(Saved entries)
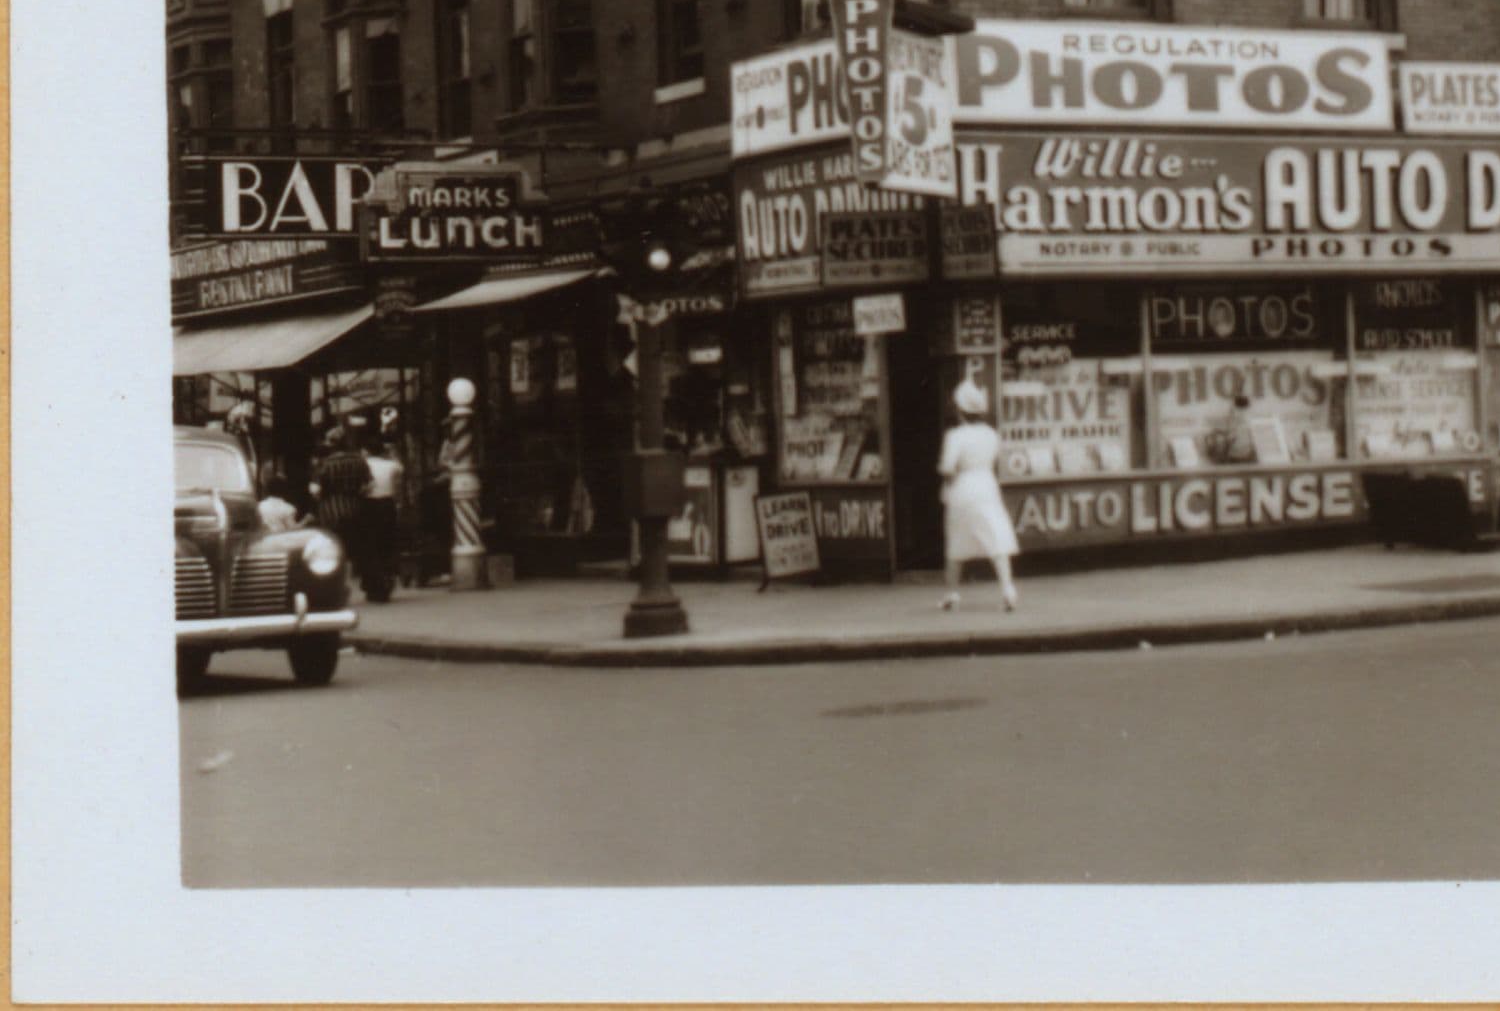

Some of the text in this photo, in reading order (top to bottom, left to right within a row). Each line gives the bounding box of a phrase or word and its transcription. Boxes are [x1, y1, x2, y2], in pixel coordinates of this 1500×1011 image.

[1063, 34, 1280, 60] REGULATION
[956, 34, 1375, 117] PHOTOS
[1409, 71, 1500, 108] PLATES
[1034, 137, 1184, 177] Willie
[763, 160, 816, 192] WILLIE
[1264, 146, 1448, 232] AUTO
[408, 186, 512, 209] MARKS
[378, 215, 544, 250] LUNCH
[740, 187, 809, 261] AUTO
[1039, 241, 1203, 258] NOTARY PUBLIC
[1251, 236, 1454, 259] PHOTOS
[1010, 323, 1077, 340] SERVICE
[1152, 292, 1316, 340] PHOTOS
[1152, 360, 1328, 407] PHOTOS
[1002, 389, 1118, 422] DRIVE
[763, 498, 808, 518] LEARN
[1016, 471, 1354, 535] AUTO LICENSE
[766, 517, 809, 540] DRIVE
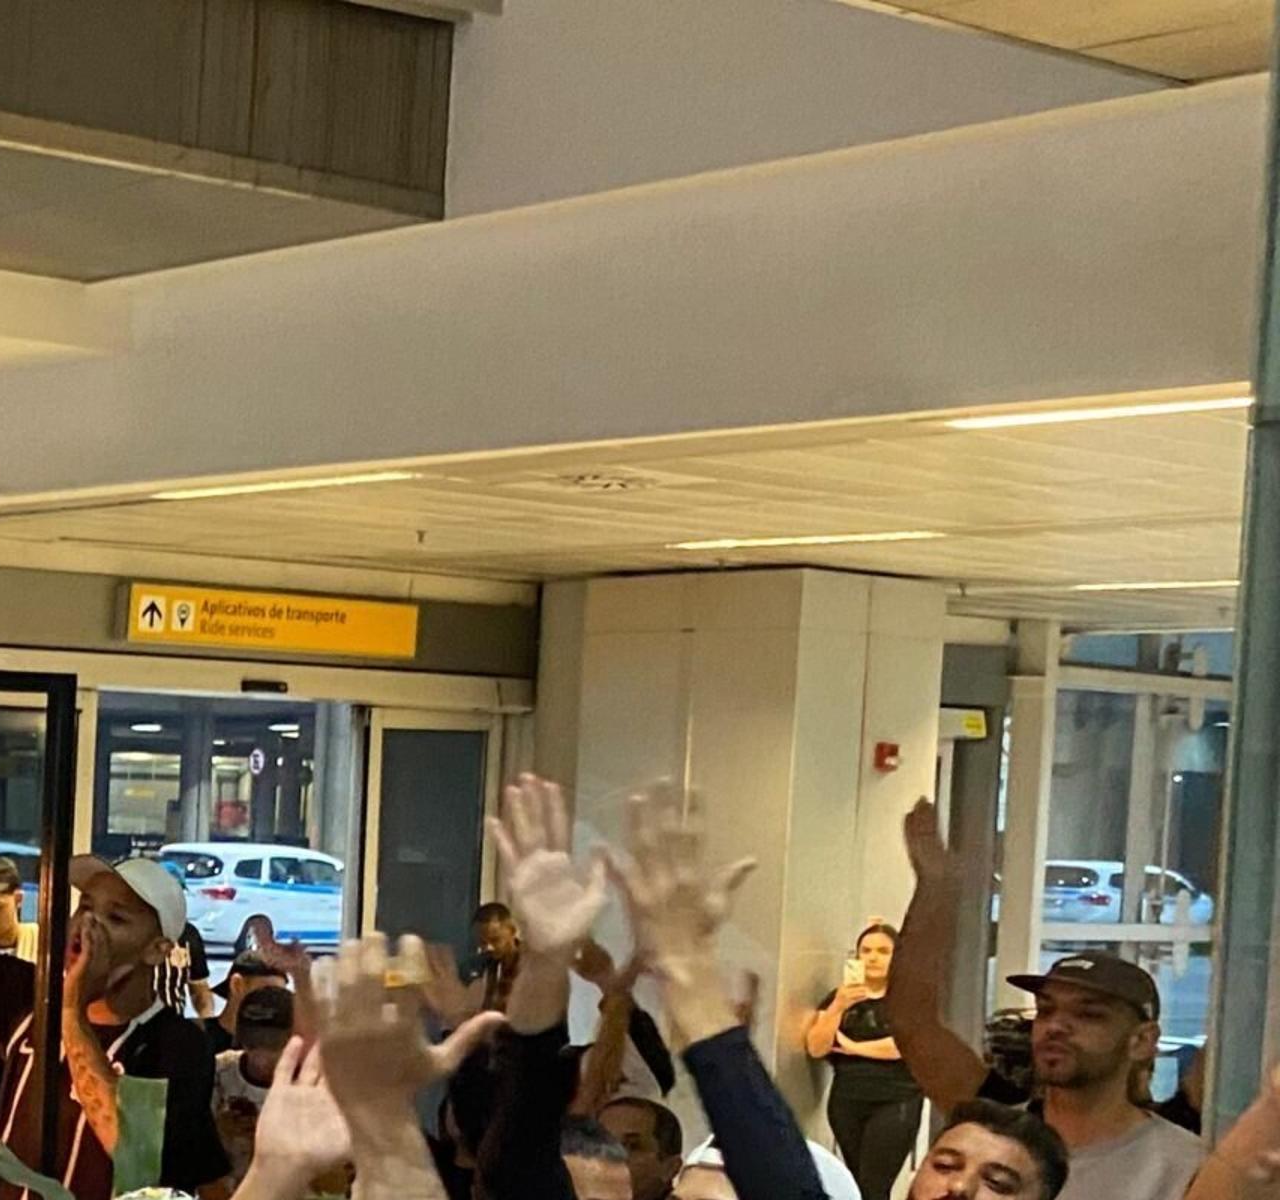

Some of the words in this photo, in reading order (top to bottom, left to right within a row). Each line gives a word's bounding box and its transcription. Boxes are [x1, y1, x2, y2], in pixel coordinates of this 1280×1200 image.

[201, 599, 266, 619] Aplicativos
[269, 604, 282, 620] de
[286, 607, 347, 627] transporte
[200, 619, 225, 635] Ride
[228, 623, 275, 638] services
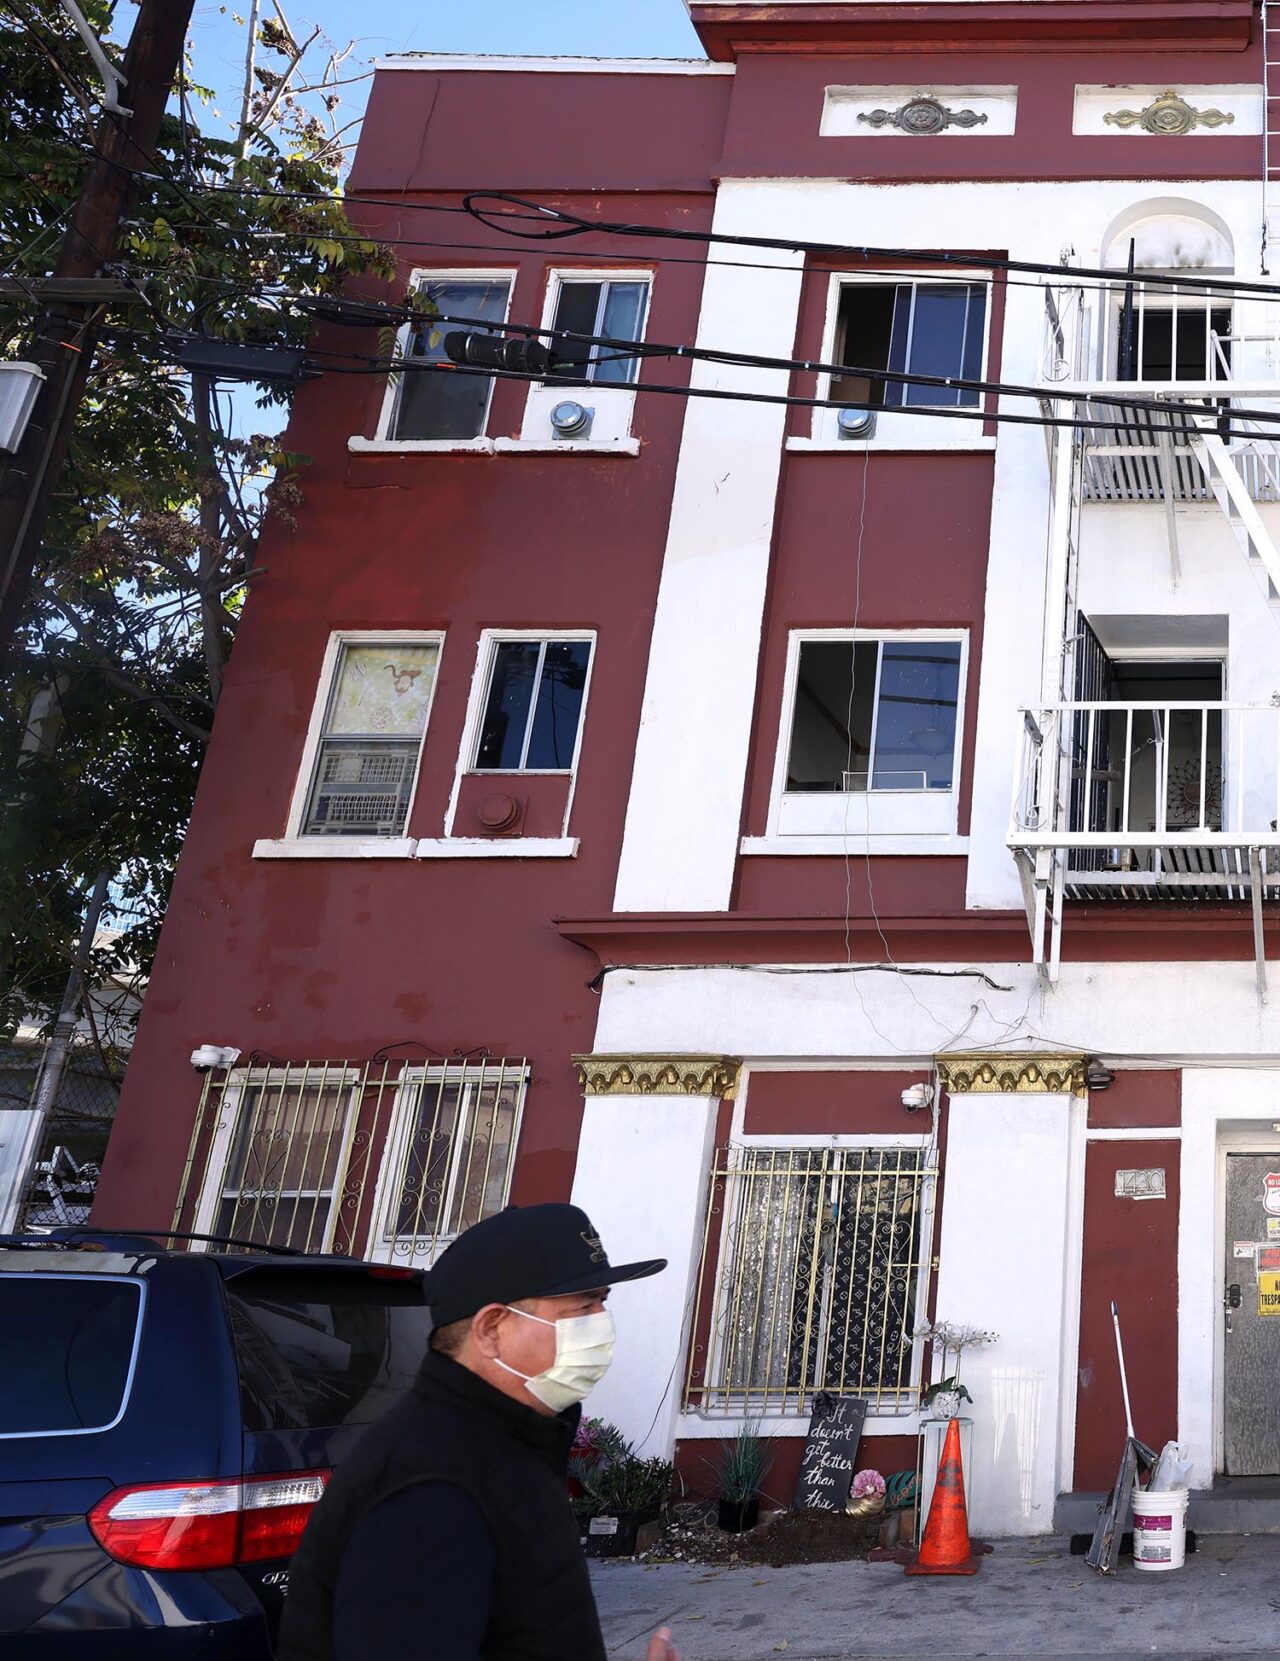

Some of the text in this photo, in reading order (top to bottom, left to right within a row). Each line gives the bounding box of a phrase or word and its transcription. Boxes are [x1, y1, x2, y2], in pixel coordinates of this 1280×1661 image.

[1268, 1178, 1276, 1186] NO
[802, 1439, 830, 1465] get
[817, 1451, 853, 1470] better
[804, 1466, 835, 1487] than
[804, 1489, 835, 1510] this
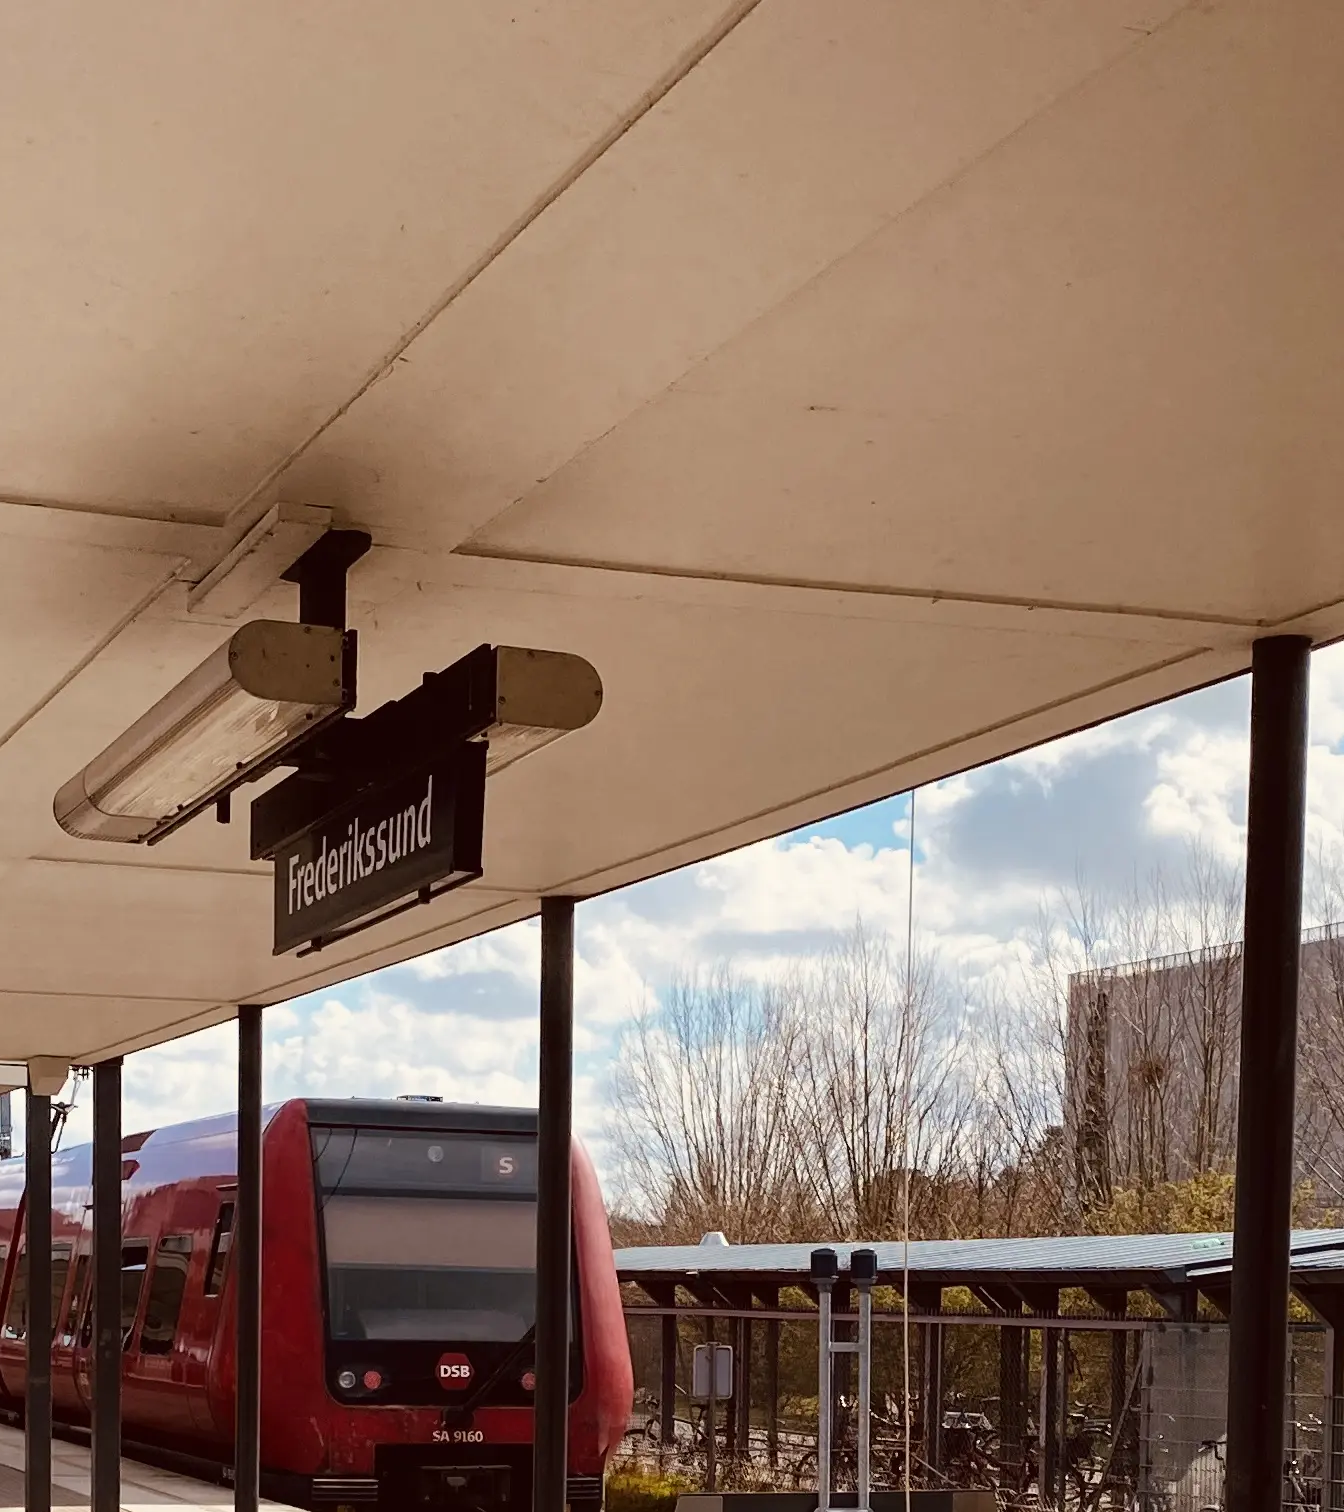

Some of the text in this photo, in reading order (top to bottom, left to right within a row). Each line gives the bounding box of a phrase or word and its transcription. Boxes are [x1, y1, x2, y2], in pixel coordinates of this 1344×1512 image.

[288, 774, 433, 916] Frederikssund
[499, 1156, 514, 1174] S
[439, 1364, 471, 1379] DSB
[432, 1429, 484, 1443] SA 9160

#### Exercise objective:
Output exactly the lines from the line with "Some of the words" to the last line of the records, including both, and leave every picture out.

#### The answer:
Some of the words in this photo, in reading order (top to bottom, left to right within a row). Each line gives a word's bounding box and its transcription. Boxes are [x1, y1, x2, y2], in pixel coordinates of this 1280×1200 image.

[201, 599, 266, 619] Aplicativos
[269, 604, 282, 620] de
[286, 607, 347, 627] transporte
[200, 619, 225, 635] Ride
[228, 623, 275, 638] services

Some of the text in this photo, in reading order (top to bottom, left to right within a row). Each line gives the bounding box of a phrase or word and its transcription. Boxes are [x1, y1, x2, y2], in pixel coordinates of this 1280×1661 image.

[1268, 1178, 1276, 1186] NO
[802, 1439, 830, 1465] get
[817, 1451, 853, 1470] better
[804, 1466, 835, 1487] than
[804, 1489, 835, 1510] this

Some of the text in this photo, in reading order (top to bottom, left to right within a row). Each line gives the bounding box of a phrase or word and its transcription. Boxes are [x1, y1, x2, y2], in pixel coordinates of this 1344×1512 image.

[288, 774, 433, 916] Frederikssund
[499, 1156, 514, 1174] S
[439, 1364, 471, 1379] DSB
[432, 1429, 484, 1443] SA 9160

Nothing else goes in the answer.